You may already know that spiders can spin intricate webs and poison their prey. But that doesn't even begin to cover the all the sneaky abilities spiders have adapted to become the most fearsome organisms on eight legs. Here are some of the tricks spiders use to catch their meals while avoiding becoming dinner themselves.

1. THEY HAVE SUPER-POWERED SENSES.

Spidey-senses weren't just invented for comic books. Jumping spiders in real life have sharp eyesight and excellent hearing to make up for their inability to spin webs. Scientists long assumed that spiders couldn't hear because they don't have ears. But as researchers reported in a 2016 study, jumping spiders can "hear" perfectly fine—they just use the super sensitive hairs on their legs to do so. These same spiders can also see surprisingly well, as astronomer Jamie Lomax demonstrated when she used laser pointers to lure them away from her desk like they were tiny cats.

2. THEY MIMIC ANTS.

The fact that the jumping spider species Myrmarachne formicaria tricks predators into thinking it's an ant by mimicking its appearance isn't a new discovery. But exactly how it achieves this was unclear until recently. According to a Harvard study published in the Proceedings of the Royal Society B, the spider pulls off this deceptive stunt while using all eight legs to walk. During its performance, it takes 100-millisecond pauses to lift its front two limbs to its head so they resemble antennae. The switch is so fast that to a human looking from above, the spider appears to simply be walking with its back six legs while lifting its front legs off the ground. Scientists had to use high-speed cameras to prove this wasn't the case. 

3. THEY TUNE THEIR WEBS.

Despite lacking ears, spiders have some impressive musical talents. They treat the strands of their webs like the strings of a guitar, tuning them just right so they can detect certain vibrations. For their study published in the Journal of the Royal Society Interface, researchers from the University of Oxford and Charles III University of Madrid observed garden cross spiders maintaining their webs. They learned that adjusting the tension and stiffness of the silk allows the spiders to sense frequencies they can recognize.

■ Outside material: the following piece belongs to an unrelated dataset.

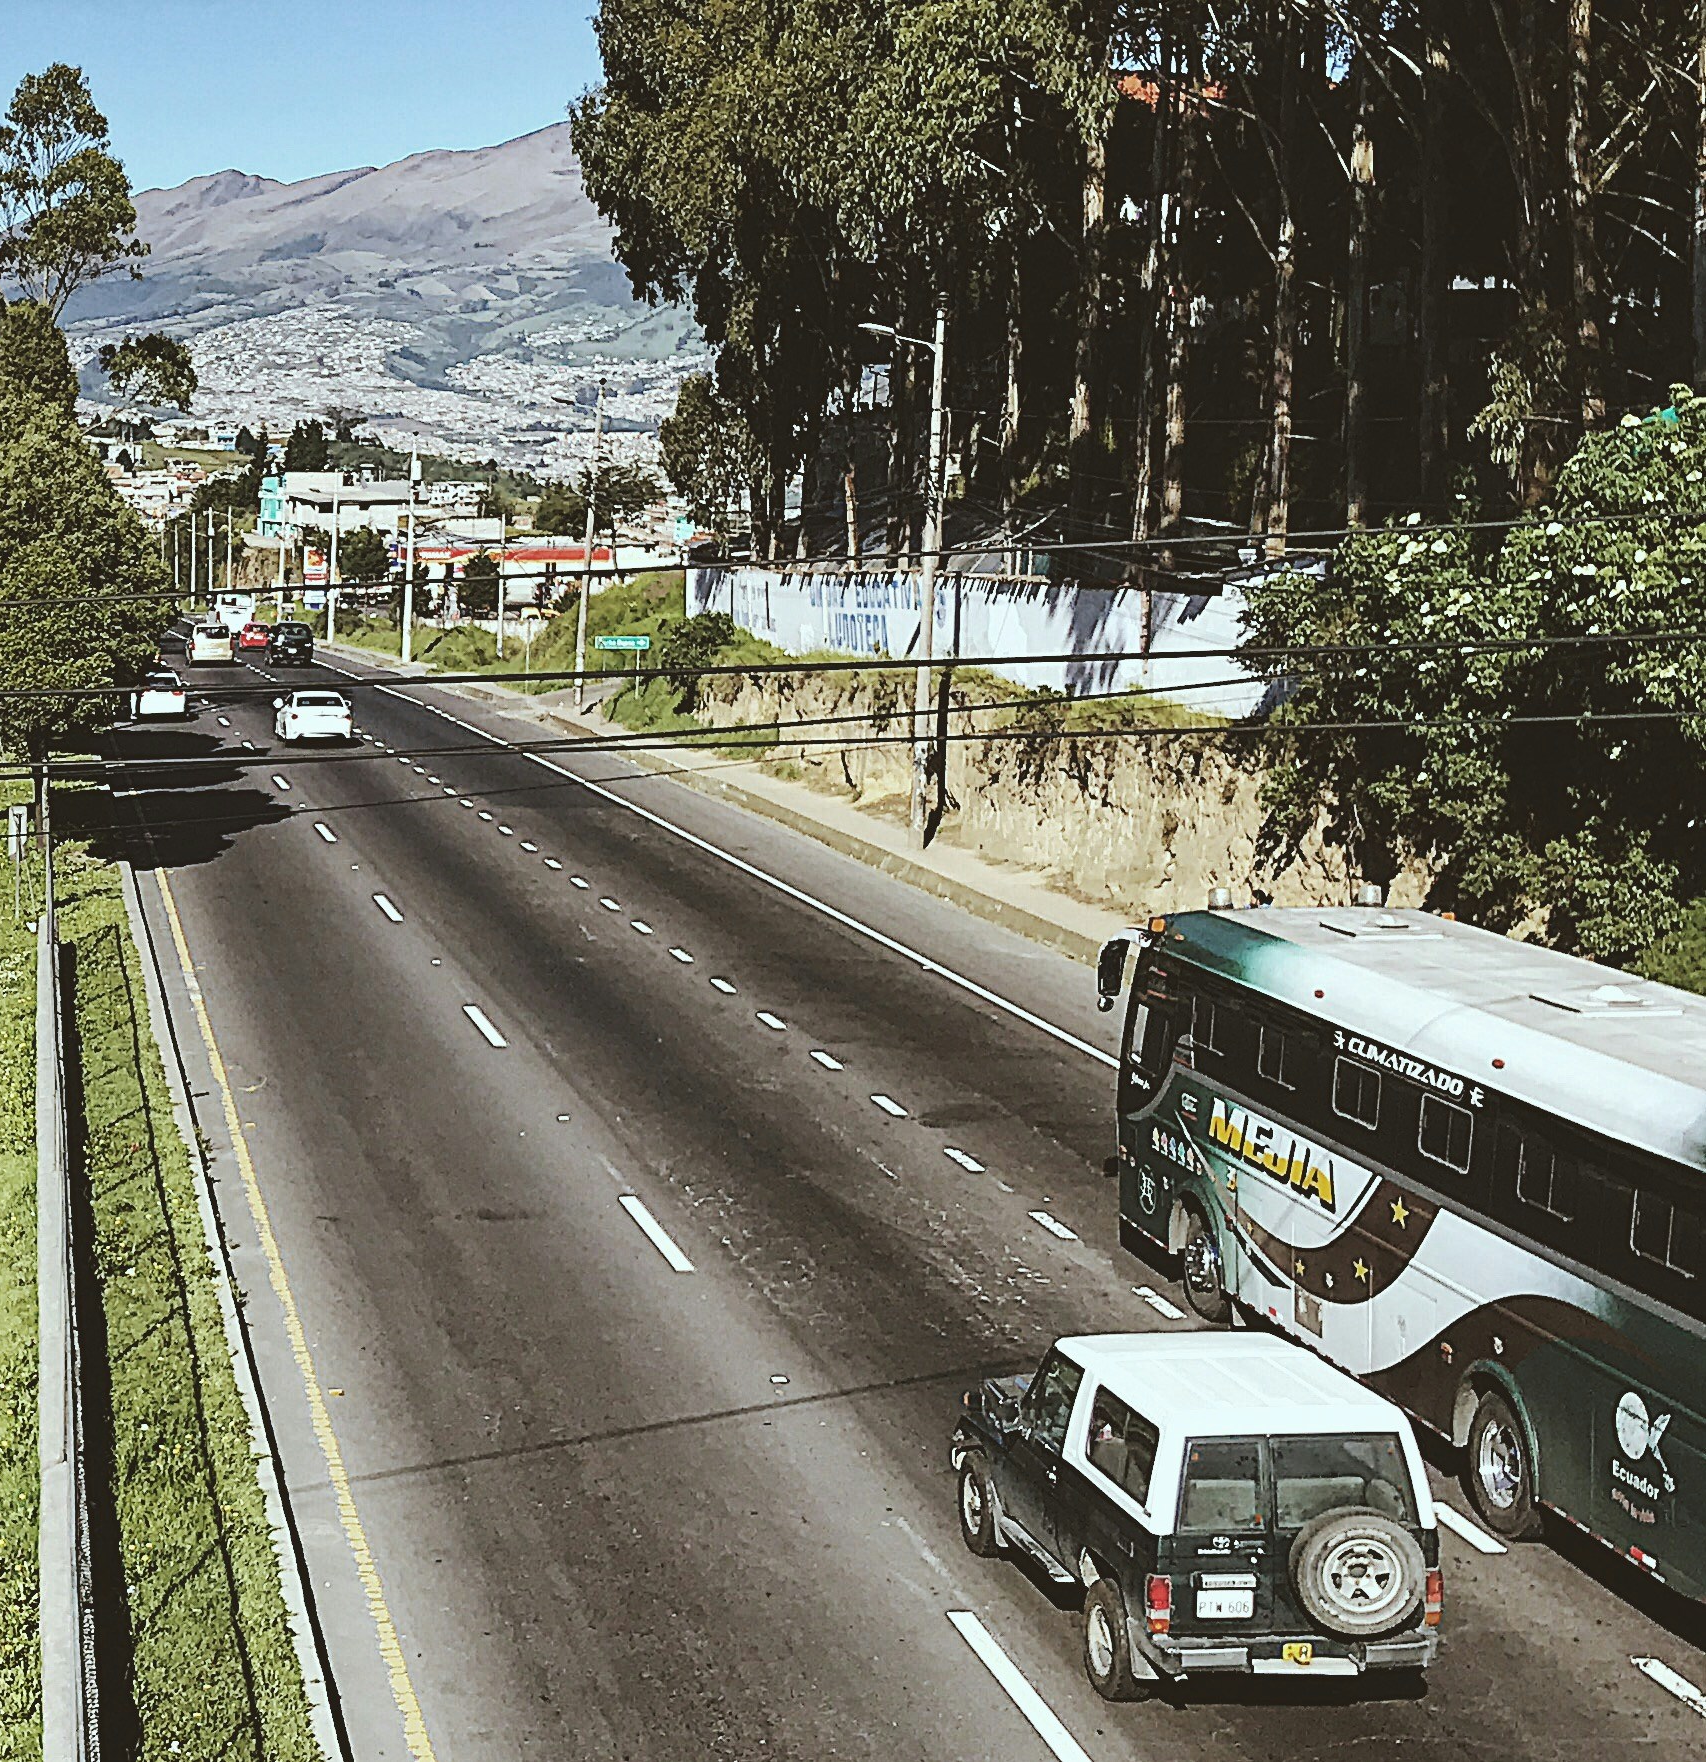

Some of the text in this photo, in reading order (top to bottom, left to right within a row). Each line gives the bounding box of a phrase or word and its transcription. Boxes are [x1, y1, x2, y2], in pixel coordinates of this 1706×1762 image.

[828, 612, 890, 651] LUDOTECA
[1347, 1036, 1465, 1096] CLIMATIZADO
[1208, 1096, 1336, 1212] MEJIA
[1612, 1458, 1660, 1501] Ecuador

One signal might mean that prey is near, while another could be connected to structural issues with the web.

4. THEY PRETEND TO BE BIRD POOP.

Min-Hui Liu et. al, Scientific Reports // CC BY-NC-ND 3.0

Camouflage is not unique among arachnids, but orb weaver spiders may win the prize for the most memorable disguise. In its juvenile stage of life, the spider will surround itself with a thick, white material in the center of its web. Its whitish abdomen blends into the "decoration," making the spider appear as if it's buried in a splatter of bird droppings. The unappetizing look is usually enough to convince predators to look elsewhere for a meal that's easier to stomach.

5. THEY CAST NETS.

Chen-Pan Liao, Wikimedia Commons // CC BY-SA 3.0

Bigger isn't always better when it comes to webs. Take the net-casting spider: The silken trap it uses to snare food is small enough to fit between its limbs. The spider poops out a pale "target" onto the forest floor and then hangs above it waiting, sometimes for hours, for an insect to come along and trigger a "trip wire" connected to the ground. Once that moment comes, it wastes no time lunging at its prey and enveloping it in its web. It then bites and paralyzes its prey before commencing the feast.

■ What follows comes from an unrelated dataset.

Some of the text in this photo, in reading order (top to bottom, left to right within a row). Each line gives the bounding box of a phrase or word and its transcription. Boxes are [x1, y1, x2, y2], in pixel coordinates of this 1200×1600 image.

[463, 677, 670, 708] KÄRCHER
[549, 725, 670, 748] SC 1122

6. THEY CAN FIRE THEIR HAIRS LIKE TINY BARBED SPEARS.

If all else fails, at least tarantulas have their spear-like hairs to fall back on. A tarantula deploys its "urticating hairs" when it feels threatened. By grinding its back legs against its abdomen, it's able to shoot the barbed hairs at its target like a shower of tiny throwing stars. You don't have to be a predator to trigger this defense mechanism, as many tarantula pet owners have found out the hard way.

7. THEY SOMERSAULT.

When most spiders need to escape a dangerous situation, they rely on their eight limbs to scurry them to safety. The golden wheel spider curls up its body and rolls down hills to make an even speedier getaway. This type of spider is native to the Namib Desert in southern Africa, where steep, sandy dunes are abundant. When it's tucked into a ball, the spider can reach tumbling speeds of 3.2 feet per second.

8. THEY CREATE BUBBLE SUBMARINES AND SCUBA SUITS.

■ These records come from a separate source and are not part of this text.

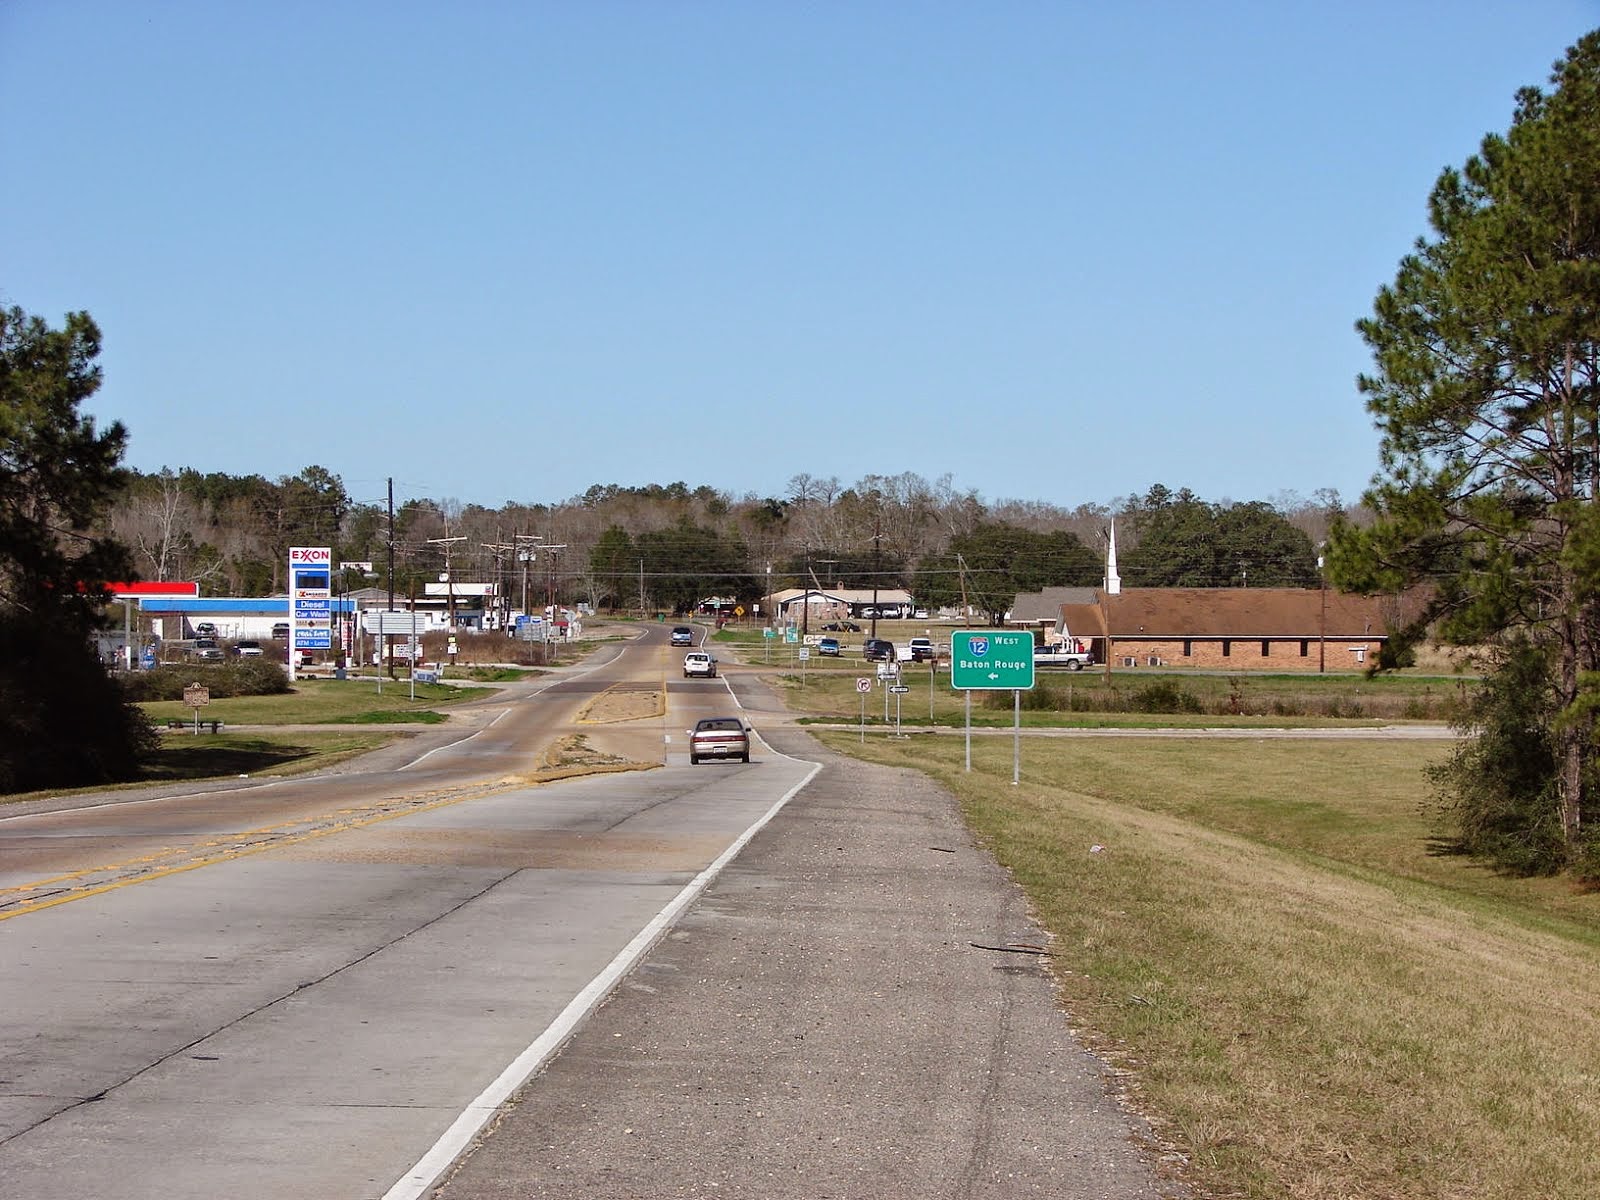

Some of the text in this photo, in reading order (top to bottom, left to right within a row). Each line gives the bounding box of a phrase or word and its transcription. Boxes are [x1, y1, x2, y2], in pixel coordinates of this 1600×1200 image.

[292, 549, 329, 563] EXXON
[300, 600, 325, 608] Diesel
[296, 610, 330, 618] Car Wash
[972, 641, 985, 653] 12
[960, 660, 1026, 671] Baton Rouge

Even without gills, spiders have adapted some pretty clever ways of surviving underwater for long amounts of time. The diving bell spider weaves web balloons that extract dissolved oxygen from the water around it while filtering out carbon dioxide. Using this improvised scuba suit, the spider can last a whole day before it needs to come up for air. Then there are wolf spiders, which use a much more dramatic survival tactic. A 2009 study found that marsh-dwelling varieties of wolf spiders appear to drown after being submerged for extended periods. But once they're placed on dry land, they twitch back to life. Slipping into a coma underwater is how they're able to evade death.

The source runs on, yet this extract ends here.